JJ: Sama myśl o rozwodzie nie oznacza, że tak naprawdę chcemy rozstania. Dla wielu ludzi mówienie o rozwodzie jest komunikatem w kryzysie, który oznacza: „Mam dość, jestem zmęczony”. To jest często sposób komunikacji emocjonalnej, sygnał wysyłany po to, by wstrząsnąć drugą osobą.
KT: Jak wiele sytuacji – pozornie beznadziejnych – dałoby się rozwiązać u psychologa?
JJ: Terapia jest katalizatorem. Ktoś przychodzi ratować małżeństwo, a okazuje się, że to się kończy rozwodem. Takich przypadków w mojej praktyce jest mniej, ale to się zdarza. Separacja, która jest między małżonkami, zostaje obnażona, nazwana, wszystkie mechanizmy obronne przestają działać. I ludzie stają wobec kolejnego dylematu: „Jak się rozstać?”.

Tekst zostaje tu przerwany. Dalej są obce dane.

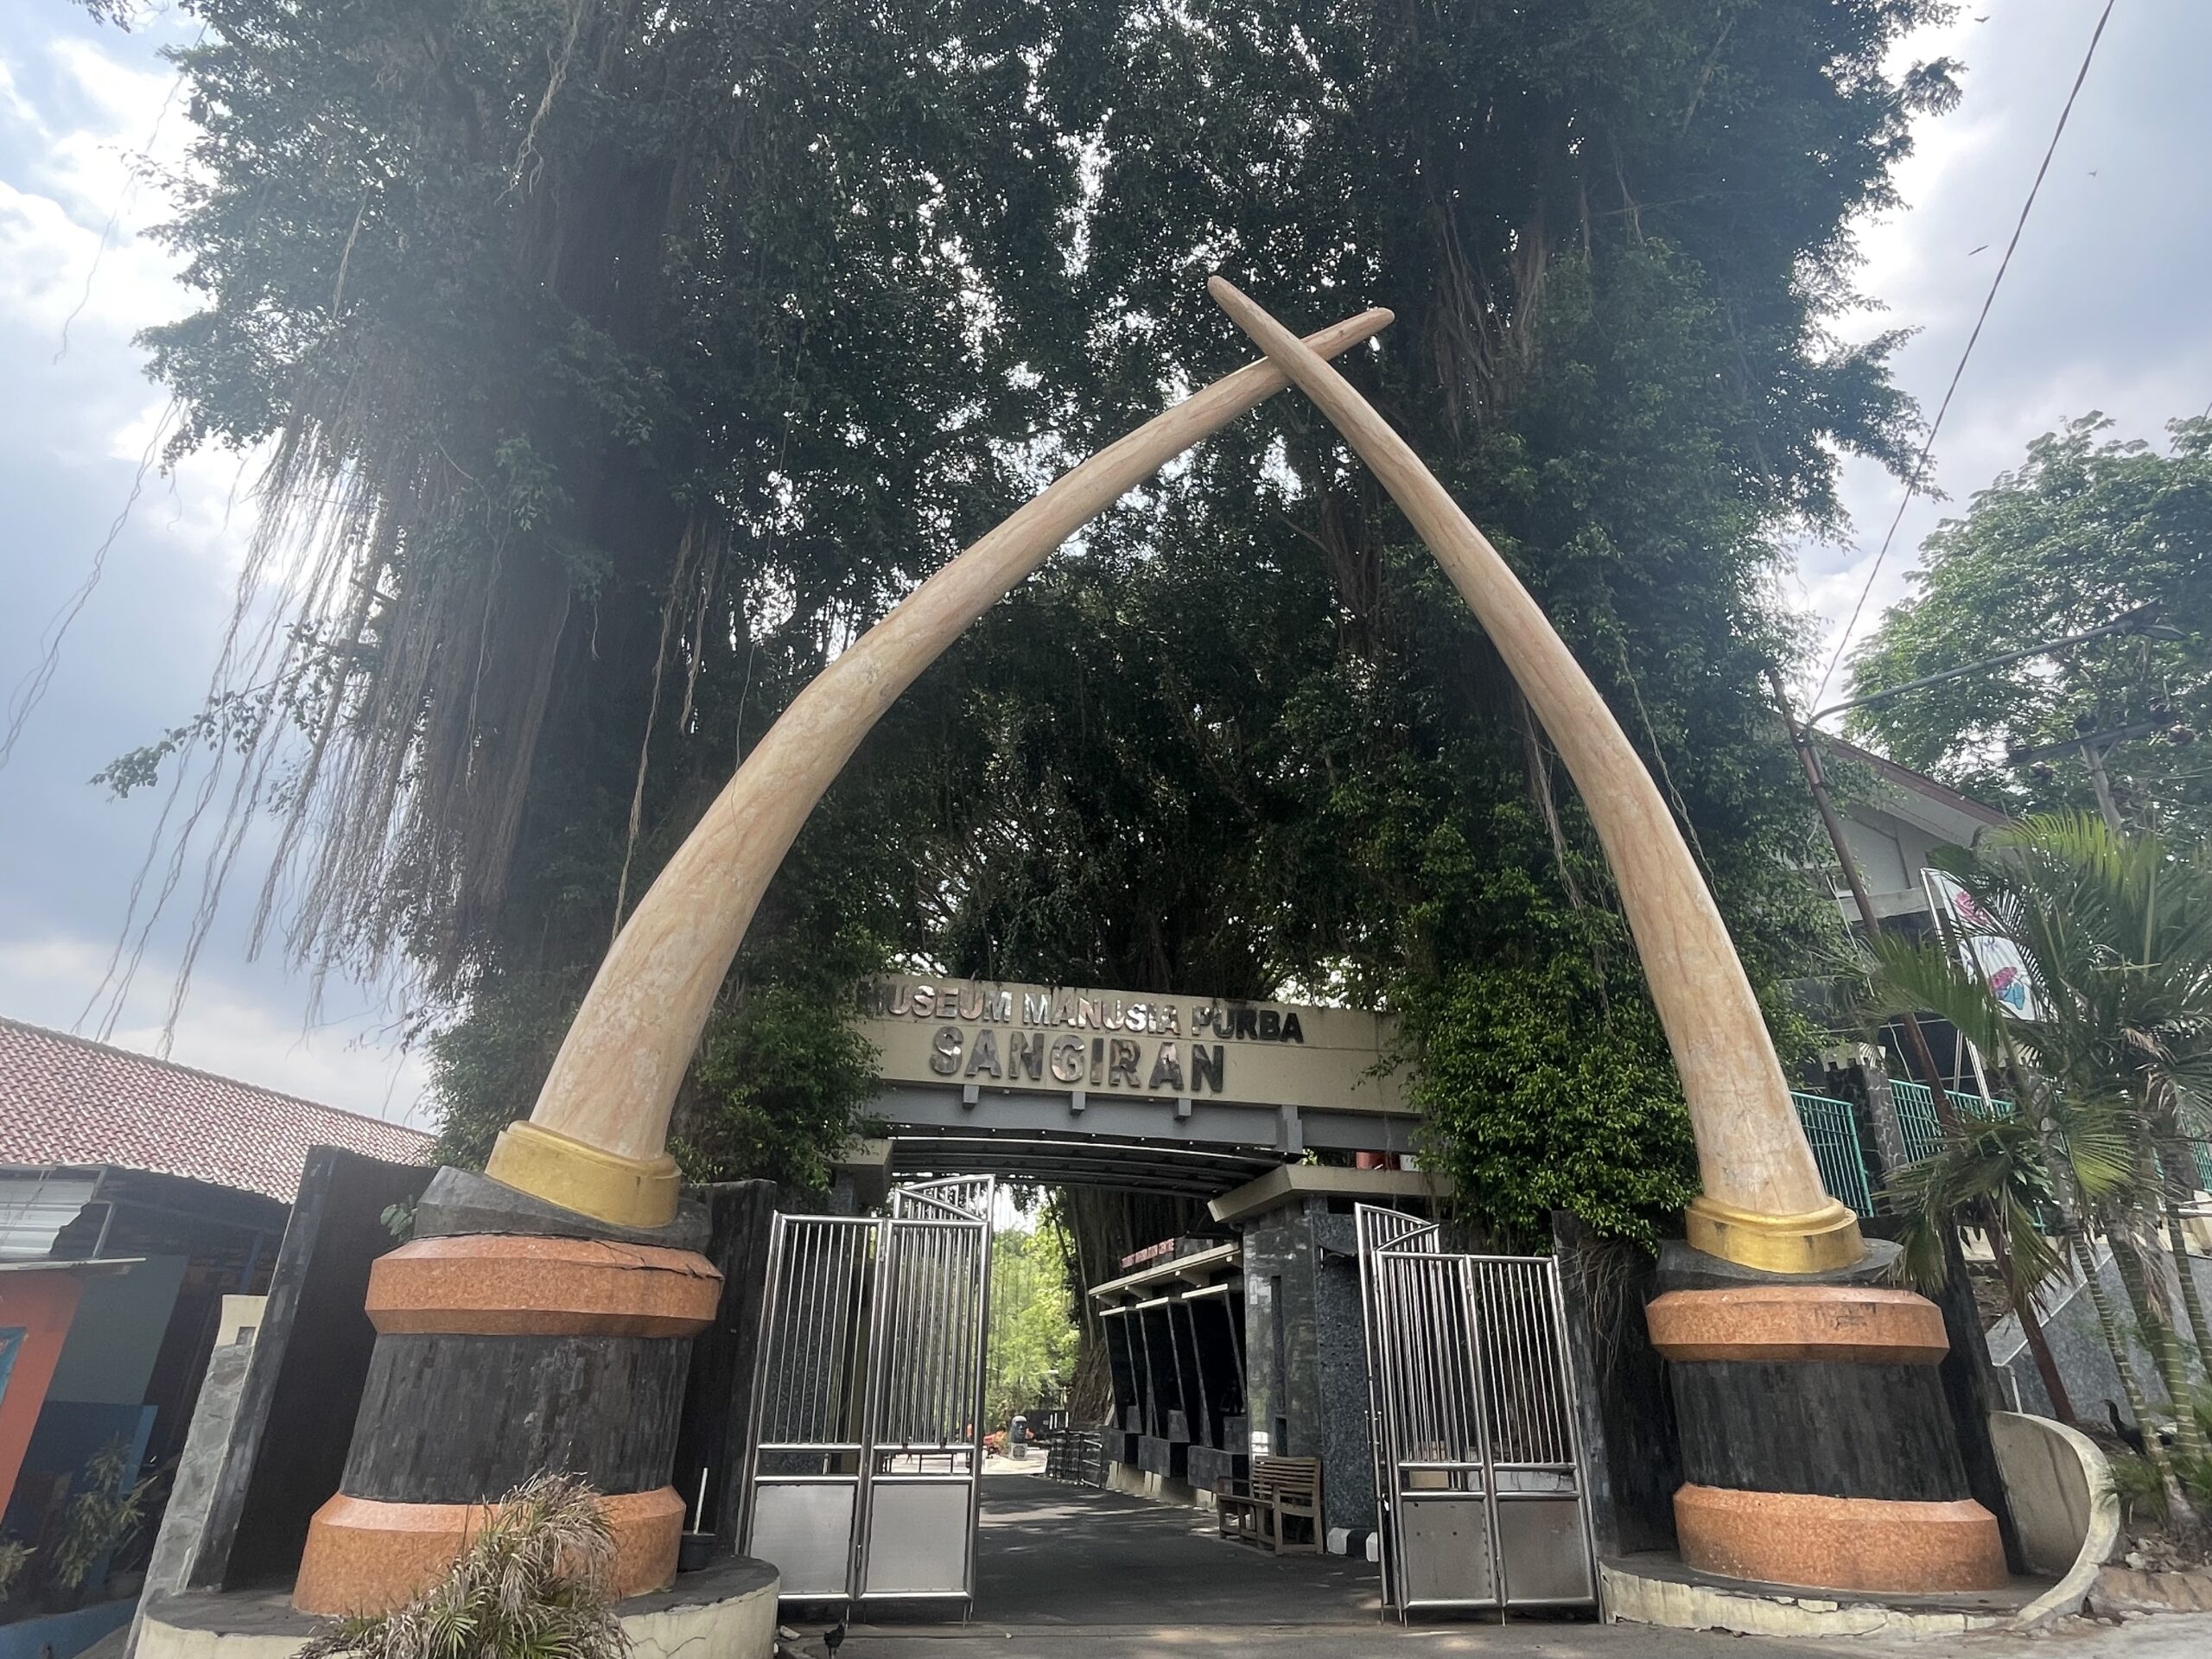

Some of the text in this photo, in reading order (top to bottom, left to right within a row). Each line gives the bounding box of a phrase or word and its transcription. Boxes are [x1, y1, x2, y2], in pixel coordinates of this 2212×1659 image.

[1023, 992, 1181, 1035] MANUSIA
[1192, 1005, 1304, 1043] PURBA
[931, 1026, 1224, 1092] SANGIRAN

KT: Dzieci mają wpływ na taką decyzję?
JJ: Oczywiście. Posiadanie dzieci ma wpływ na ostateczną decyzję. Ja jestem przeciwnikiem ułatwiania ludziom rozwodzenia się, nie nieumożliwiana, ale ułatwiania. Dlatego że czasami na tej trudniejszej, dłuższej drodze mogą uruchomić się siły wewnętrzne, zewnętrzne, które sprawią, że małżeństwo da się posklejać.
KT: Od czego to zależy? Od mocy miłości? Systemu wartości? Religii? Charakteru?
JJ: Religia ma duże znaczenia. Ważny jest system wartości, którym kierują się w życiu te osoby. System, który jest oparty na konkretnych zasadach: odpowiedzialności za dziecko, uznania, że rodzina jest najważniejszą wartością, że wartością jest dawanie, a nie tylko branie.